[Dataset records]
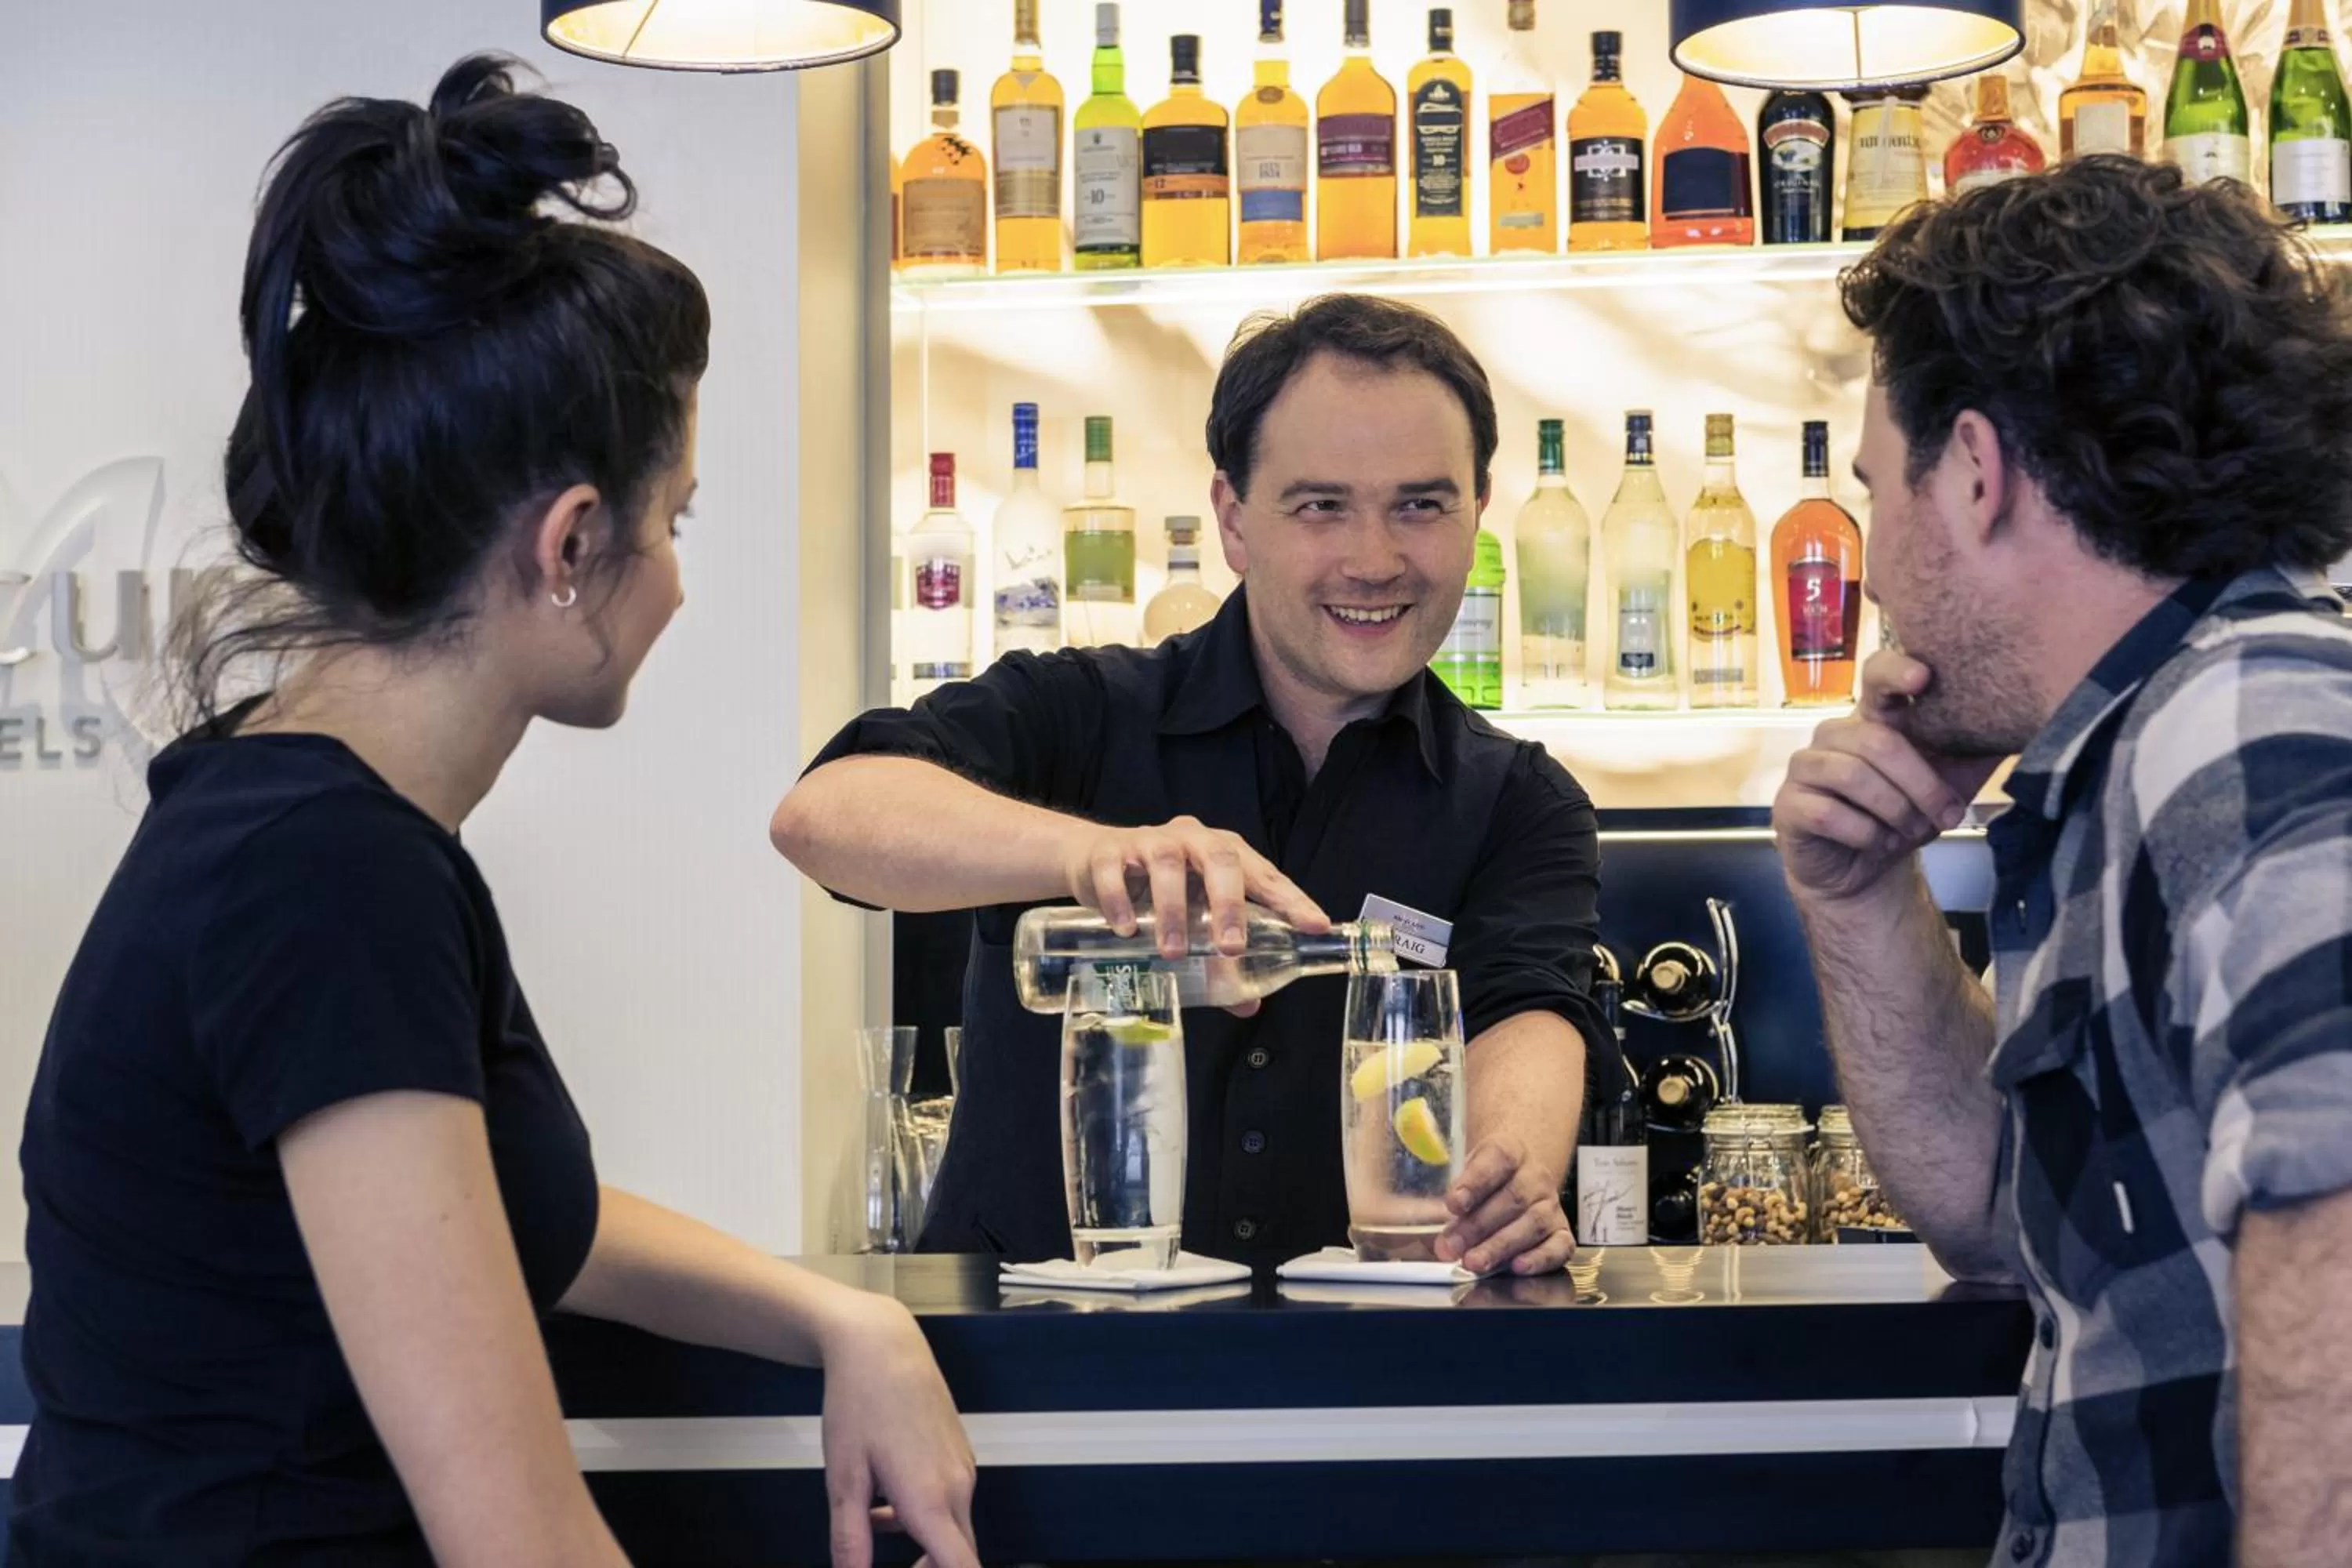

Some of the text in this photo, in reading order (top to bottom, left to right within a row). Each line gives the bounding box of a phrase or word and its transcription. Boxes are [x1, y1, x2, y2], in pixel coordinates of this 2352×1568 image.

[1432, 154, 1446, 166] 10
[1091, 188, 1104, 204] 10
[1806, 579, 1821, 601] 5
[1395, 934, 1425, 954] RAIG

WORK TASK →
When you output the entries, keep each line exactly as it is and leave out any pictures.

ANSWER SECTION →
Some of the text in this photo, in reading order (top to bottom, left to right within a row). Each line gives the bounding box of a phrase or word and its transcription. Boxes are [x1, y1, x2, y2], in pixel coordinates of this 2352×1568 image.

[1432, 154, 1446, 166] 10
[1091, 188, 1104, 204] 10
[1806, 579, 1821, 601] 5
[1395, 934, 1425, 954] RAIG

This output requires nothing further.